*** Opening of Exercise input ***
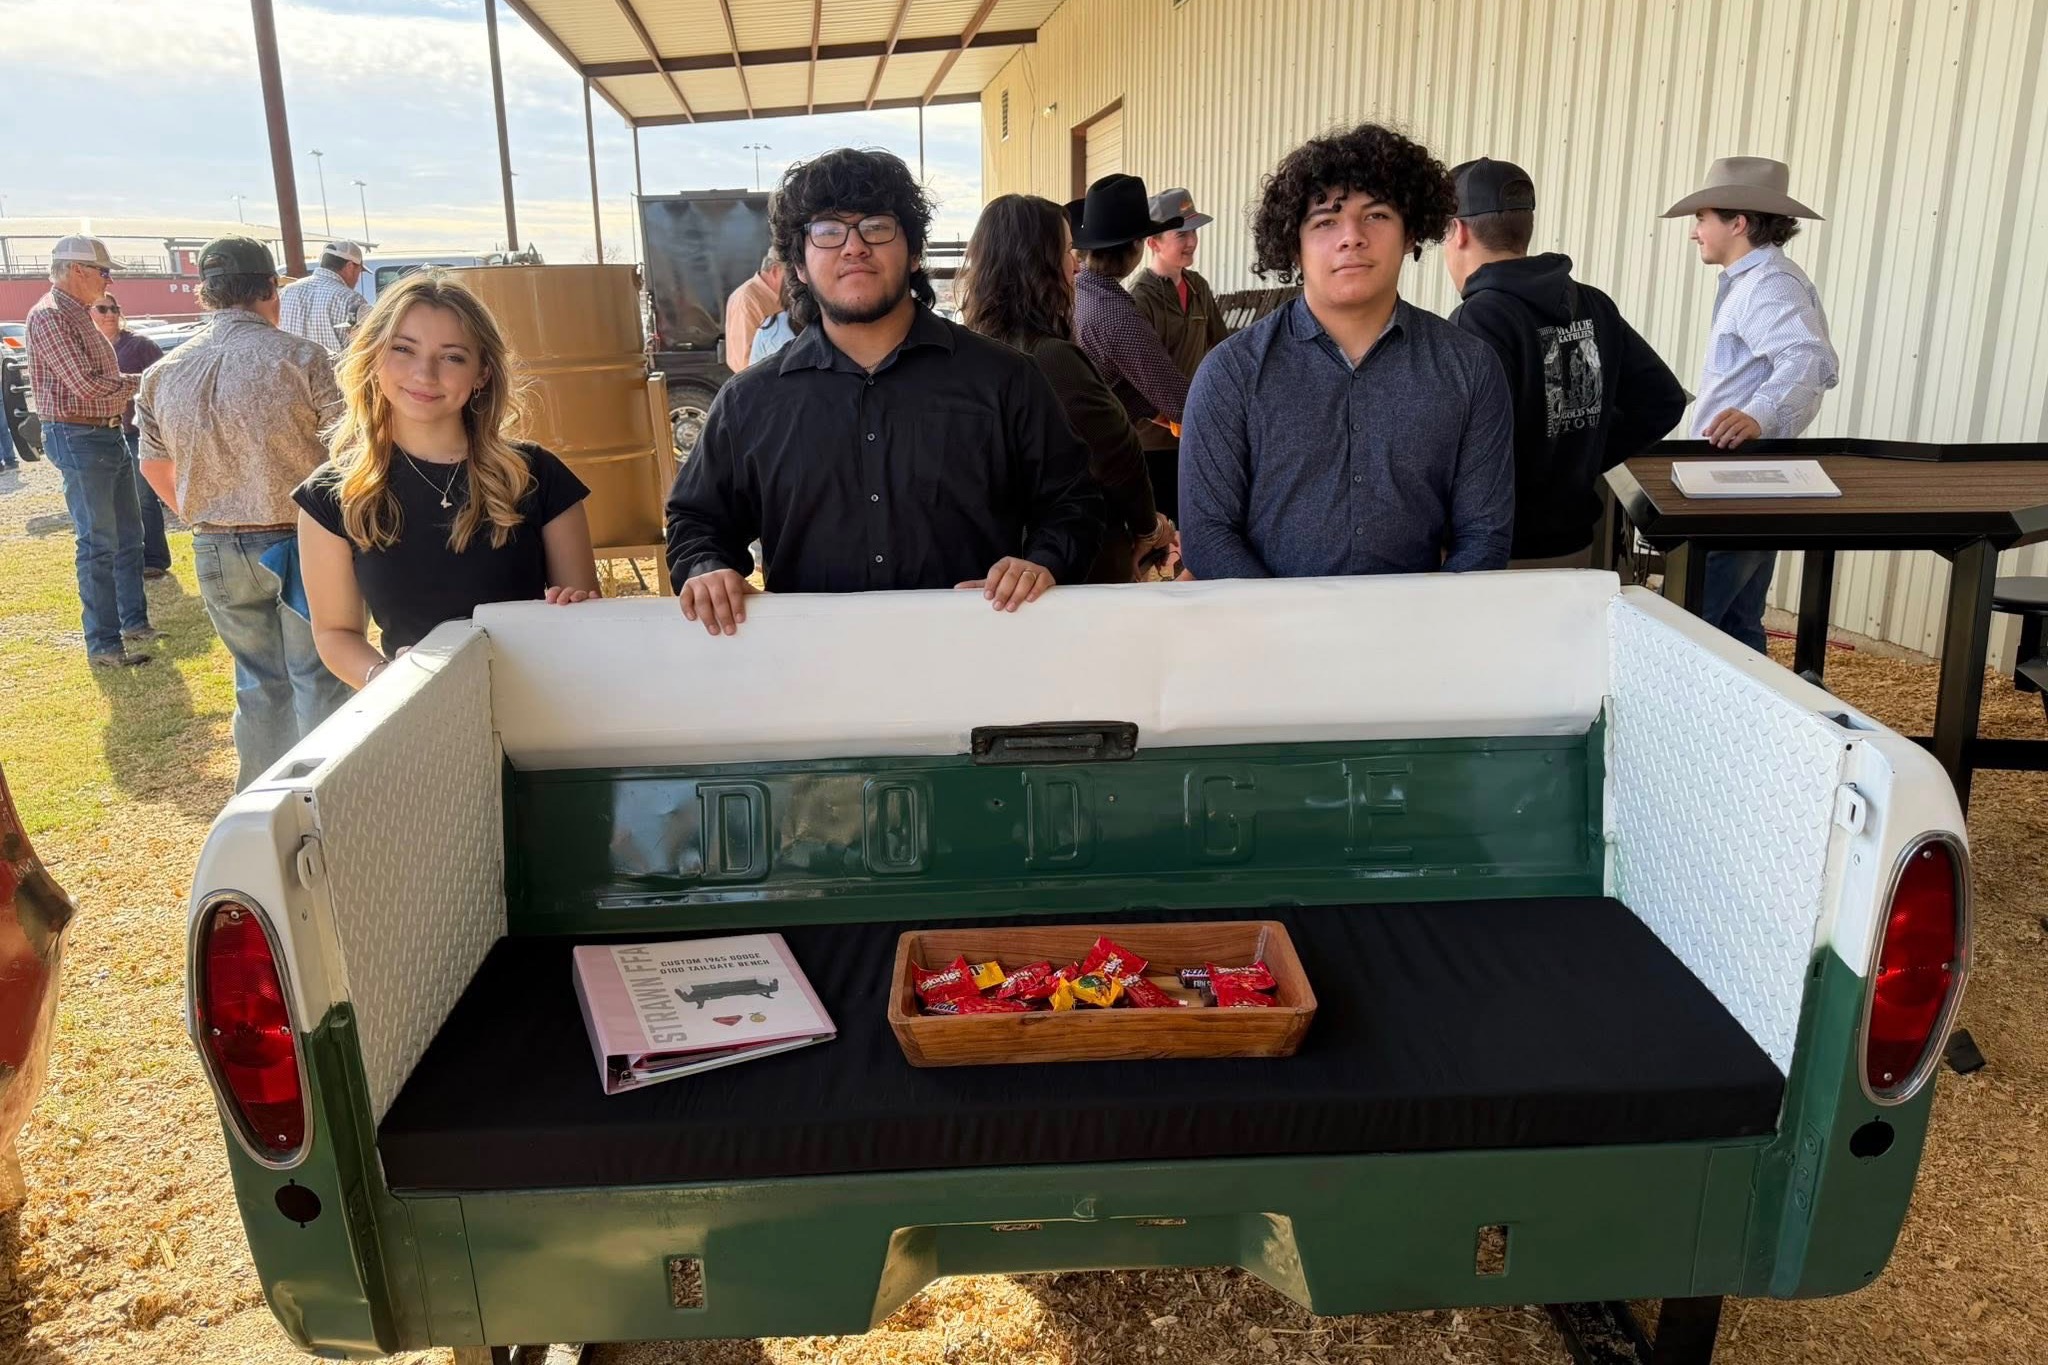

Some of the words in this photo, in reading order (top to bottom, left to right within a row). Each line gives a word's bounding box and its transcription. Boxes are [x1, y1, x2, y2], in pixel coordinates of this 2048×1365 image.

[697, 759, 1412, 883] DODGE
[618, 946, 657, 973] FFA
[661, 958, 701, 968] CUSTOM
[704, 955, 727, 964] 1965
[730, 952, 761, 961] DODGE
[688, 962, 734, 972] TAILGATE
[738, 959, 770, 967] BENCH
[921, 969, 961, 991] Skittles
[630, 976, 688, 1044] STRAWN
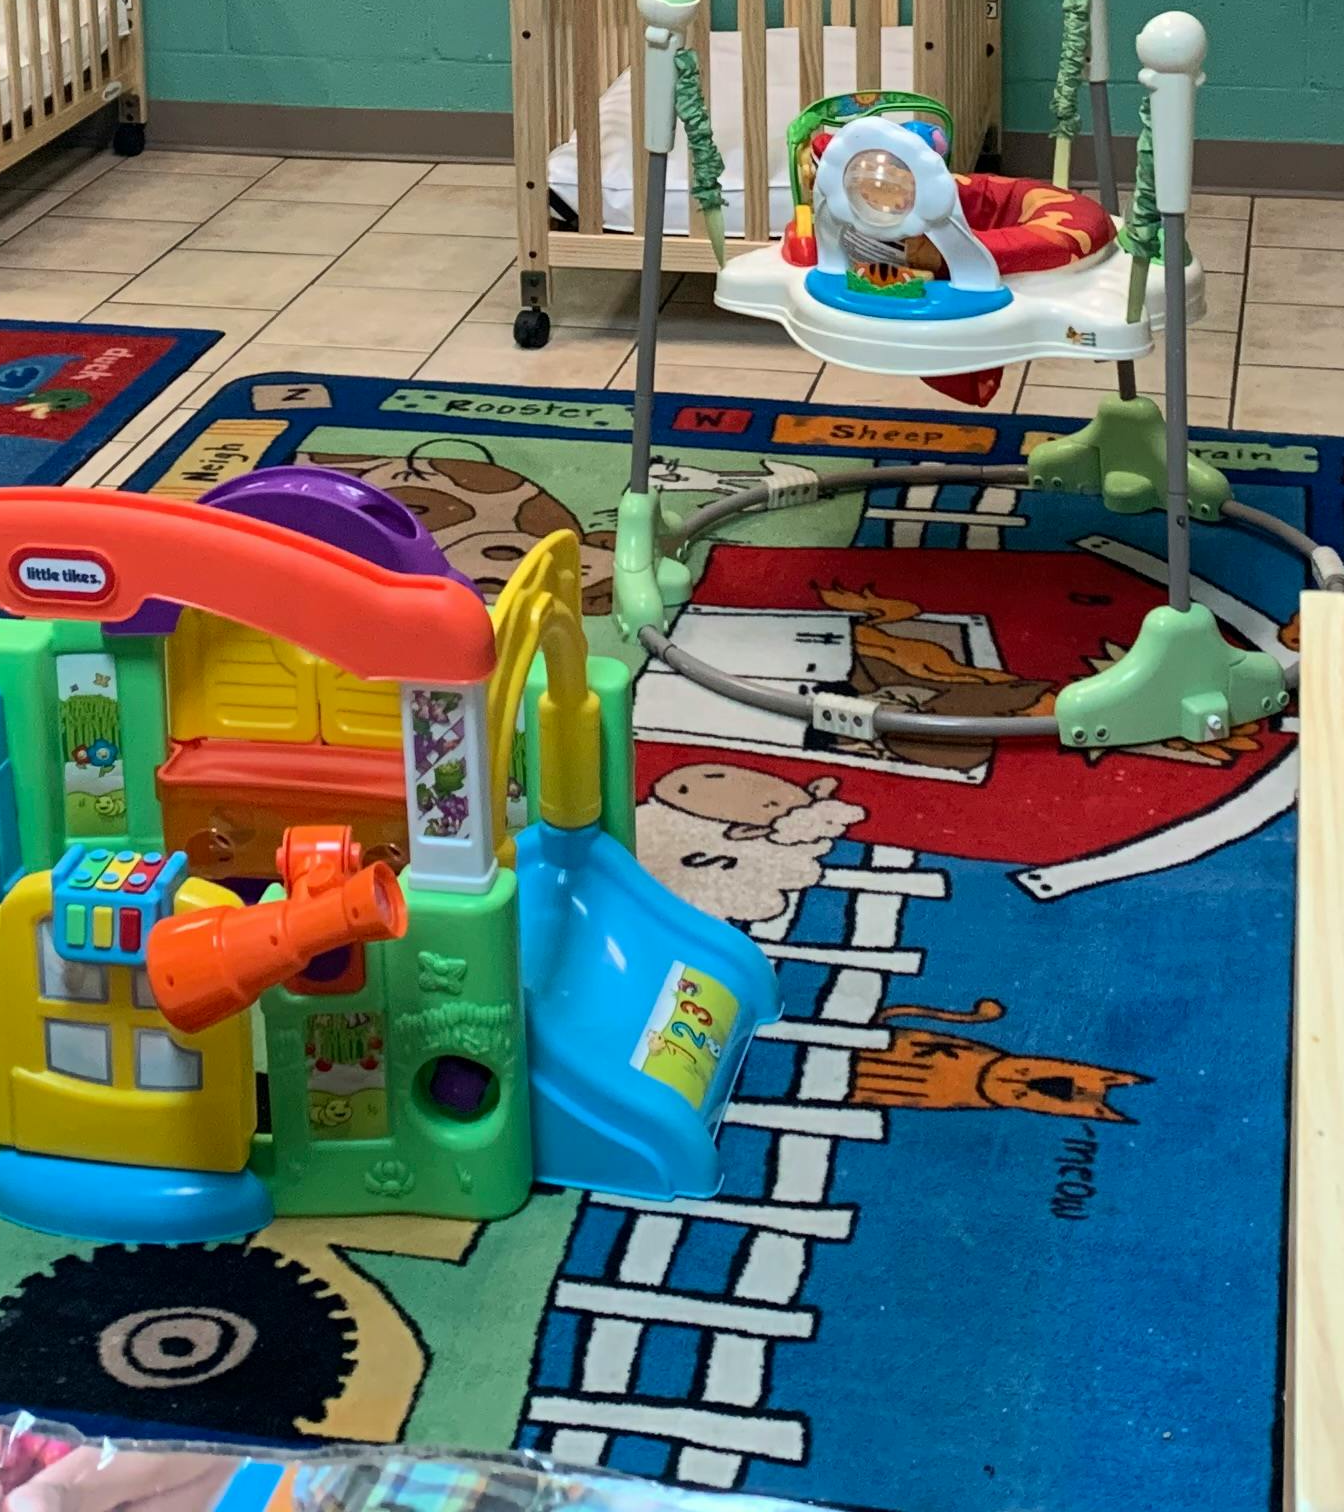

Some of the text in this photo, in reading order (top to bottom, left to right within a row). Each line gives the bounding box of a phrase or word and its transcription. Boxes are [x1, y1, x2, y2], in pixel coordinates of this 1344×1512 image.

[69, 347, 135, 381] duck
[443, 397, 605, 419] Rooster
[828, 423, 944, 443] Sheep
[180, 442, 250, 483] Neigh
[26, 566, 60, 582] little
[680, 1000, 713, 1027] 3
[671, 1021, 706, 1049] 2
*** Close of Exercise input ***
Could you transcribe the records above exactly, leaving every picture out?

Some of the words in this photo, in reading order (top to bottom, left to right within a row). Each line gives a word's bounding box and its transcription. Boxes are [x1, y1, x2, y2], in pixel coordinates of this 2048×1365 image.

[697, 759, 1412, 883] DODGE
[618, 946, 657, 973] FFA
[661, 958, 701, 968] CUSTOM
[704, 955, 727, 964] 1965
[730, 952, 761, 961] DODGE
[688, 962, 734, 972] TAILGATE
[738, 959, 770, 967] BENCH
[921, 969, 961, 991] Skittles
[630, 976, 688, 1044] STRAWN

Some of the text in this photo, in reading order (top to bottom, left to right within a row). Each line gives the bounding box of a phrase or word and its transcription. Boxes are [x1, y1, x2, y2], in pixel coordinates of this 1344×1512 image.

[69, 347, 135, 381] duck
[443, 397, 605, 419] Rooster
[828, 423, 944, 443] Sheep
[180, 442, 250, 483] Neigh
[26, 566, 60, 582] little
[680, 1000, 713, 1027] 3
[671, 1021, 706, 1049] 2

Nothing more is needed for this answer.